L’opposition conservatrice a quant à elle critiqué l’accord : « faible, faible, faible », a déploré l’ancien chef de la diplomatie britannique James Cleverly, actuellement en lice pour prendre la tête du parti tory, quand Robert Jenrick, un autre candidat, dénonçait carrément une « capitulation » du Royaume-Uni. En 2019, l’Assemblée générale de l’ONU avait demandé au Royaume-Uni de rétrocéder sous six mois à l’île Maurice l’archipel des Chagos.

Deux mille habitants expulsés

La résolution demandait « de reconnaître que l’archipel des Chagos fait partie intégrante du territoire mauricien, d’appuyer la décolonisation de Maurice le plus rapidement possible et de s’abstenir d’entraver ce processus ». Elle faisait suite à une décision dans le même sens de la Cour internationale de justice quelques mois auparavant.

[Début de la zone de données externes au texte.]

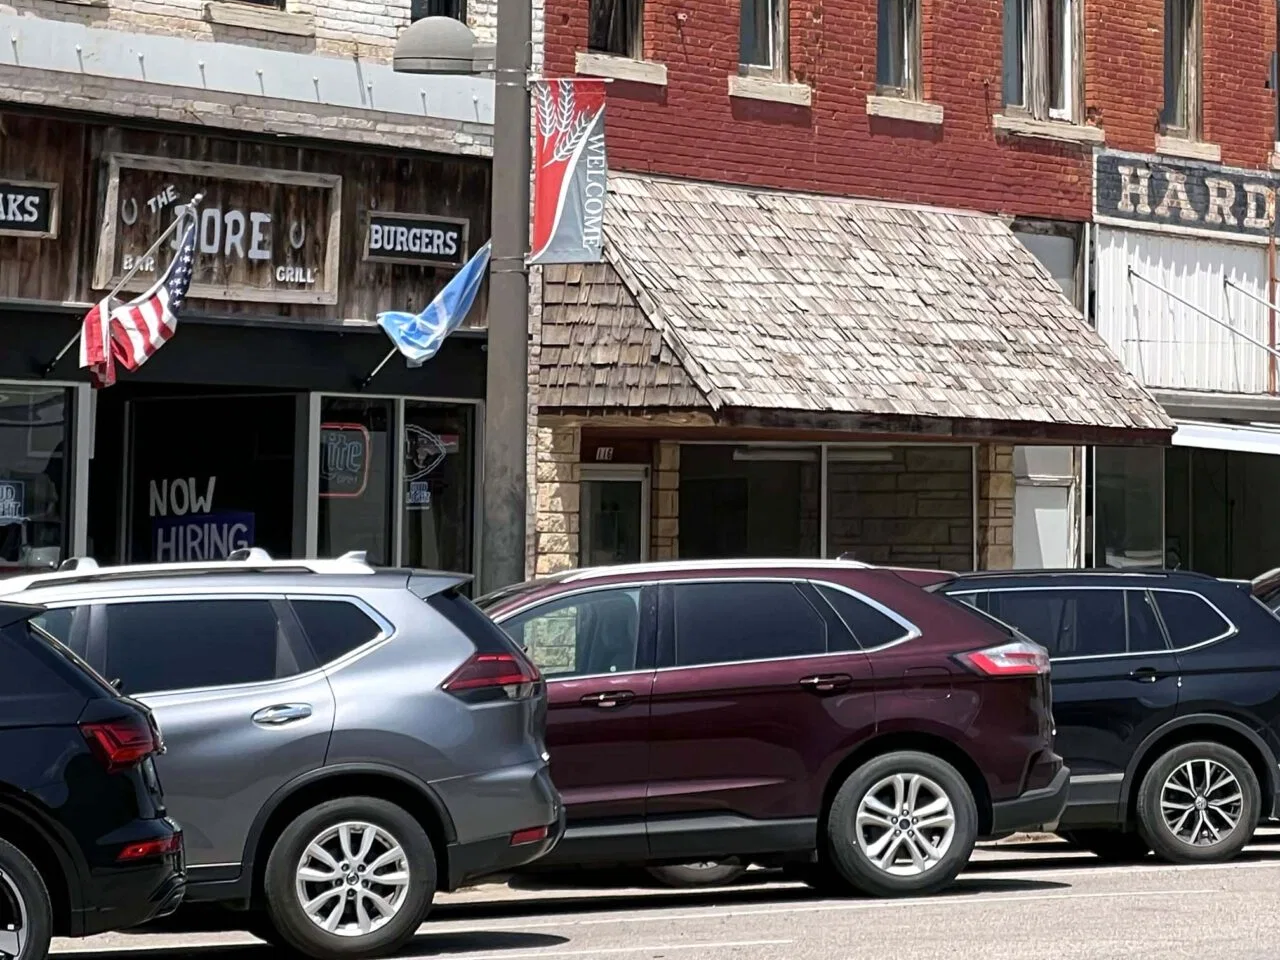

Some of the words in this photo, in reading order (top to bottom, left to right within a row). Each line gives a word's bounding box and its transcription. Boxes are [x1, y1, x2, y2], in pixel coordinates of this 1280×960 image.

Le Royaume-Uni a expulsé environ deux mille habitants des Chagos vers Maurice et les Seychelles pour faire place à sa base. Des Mauriciens originaires des Chagos accusent le Royaume-Uni d’« occupation illégale ». En 2023, Human Rights Watch a publié un rapport accusant le Royaume-Uni et les Etats-Unis de s’être rendus coupables de crimes contre l’humanité en déplaçant des populations indigènes sur l’archipel contesté, accusation rejetée « catégoriquement » par Londres.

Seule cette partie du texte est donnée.